The film’s cast was perfect. Martin Freeman had been my first choice to play a younger Bilbo Baggins since I had seen him in the Hitchhikers Guide to the Galaxy back in 2005. The film brought back virtually all of their creative talent from the Lord of the Rings, insuring the world would look and feel as close to the original trilogy as possible. Unfortunately that was where the Hobbit’s good fortune ended.

Young Bilbo

In an effort to expand on Tolkien’s original work the screen writers expanded the story by using the appendices to the Return of the King. These are short snippets Tolkien included to further flesh out and explain his world. There are some things that fit naturally in the Hobbit’s narrative frame. Gandalf  vanishes from the story for a long time in the book, and explaining that by including the fortress of Dol Guldor in Mirkwood is interesting. The love triangle between Legolas, Fili and the invented female elf is not. Every time you see her make googley eyes at her dwarf love, the film becomes virtually unwatchable. I would have no issue with her inclusion if she was fleshed out as a character and not just someone for two established characters to have a lovers quarrel over. It is made even worse by the fact that Gimili’s love for Galadriel, in Lord of the Rings, is supposed to be extremely special because Elves and Dwarves are always so hostile but if one out of every 12 dwarfs falls for an elf what makes Gimili’s love so special?

All three Hobbit films also suffered from a huge lack of efficient editing. Neither one needed to be as long as it was and there was certainly no need for three films. Furthermore the 3rd film, the Battle of Five Armies, begins with the dragon Smaug’s death which feels very much like it should have been the ending of the previous film, the Desolation of Smaug. The aforementioned Dragon voiced by Benedict Cumberbatch was easily the best use of C.G.I. in these three films. The pale Orc, who is actually dead long before the story of the Hobbit takes place, was its worst. At no point did he look convincingly real. The excesses really killed this trilogy, whether it was battles that lasted far too long, the use of C.G.I. or just the length of the movies.

Smaug

The one place I wouldn’t have minded some excess was with the focus on Bilbo Baggins. (That’s part of why he’s been named Comics Movies and Games first Character of the Month!) His screen time has to roll in far below almost all the other main characters. The story just never felt like it belonged to him because all of the other events seemed to take center stage. Because of this the movies misses out on the core messages of the Hobbit.
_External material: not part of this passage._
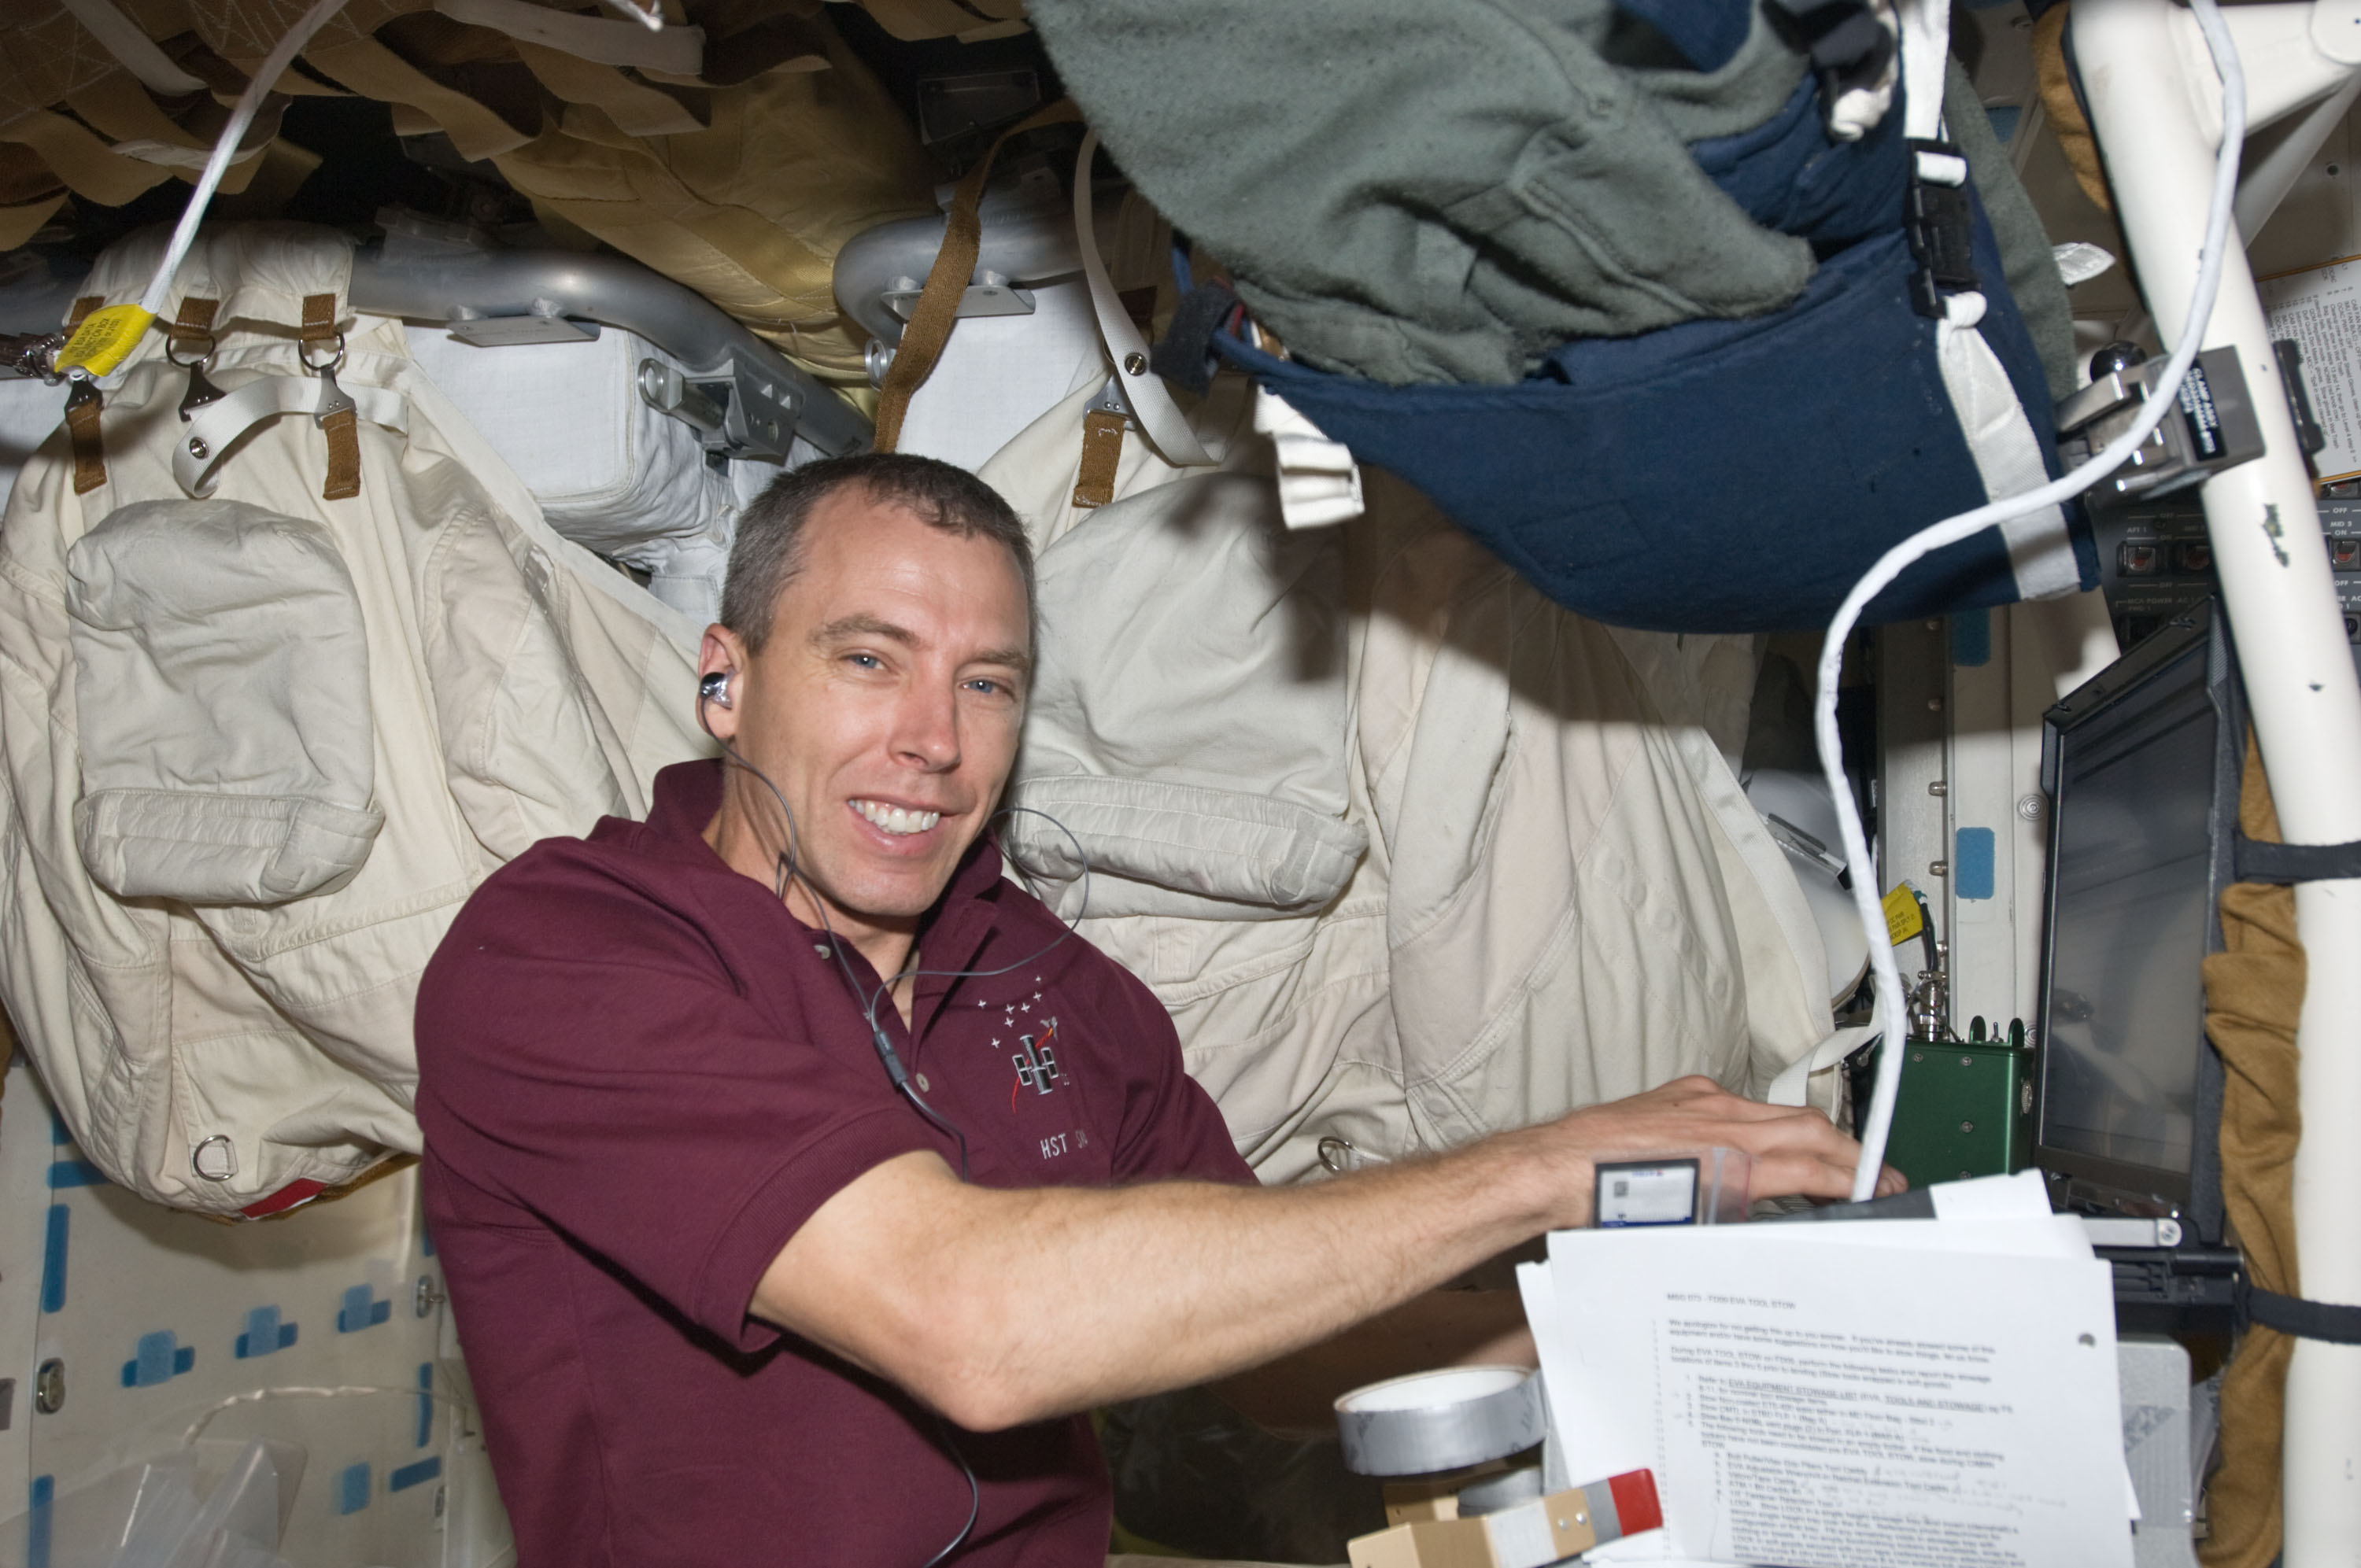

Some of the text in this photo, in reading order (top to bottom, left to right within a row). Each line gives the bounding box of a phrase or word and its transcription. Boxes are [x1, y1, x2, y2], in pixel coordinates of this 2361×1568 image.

The first is that a good person is worth all the gold in the world. Time and again Bilbo’s morality and resourcefulness saves the dwarves who are never willing to risk their own hides. Thorin clashes with Bilbo throughout the story but he finally acknowledges that Bilbo was the best of them on his deathbed. This story arc is lost in the film because Bilbo’s role in saving the dwarfs is minimized and Thorin comes to respect Bilbo by the end of the first film instead of the third.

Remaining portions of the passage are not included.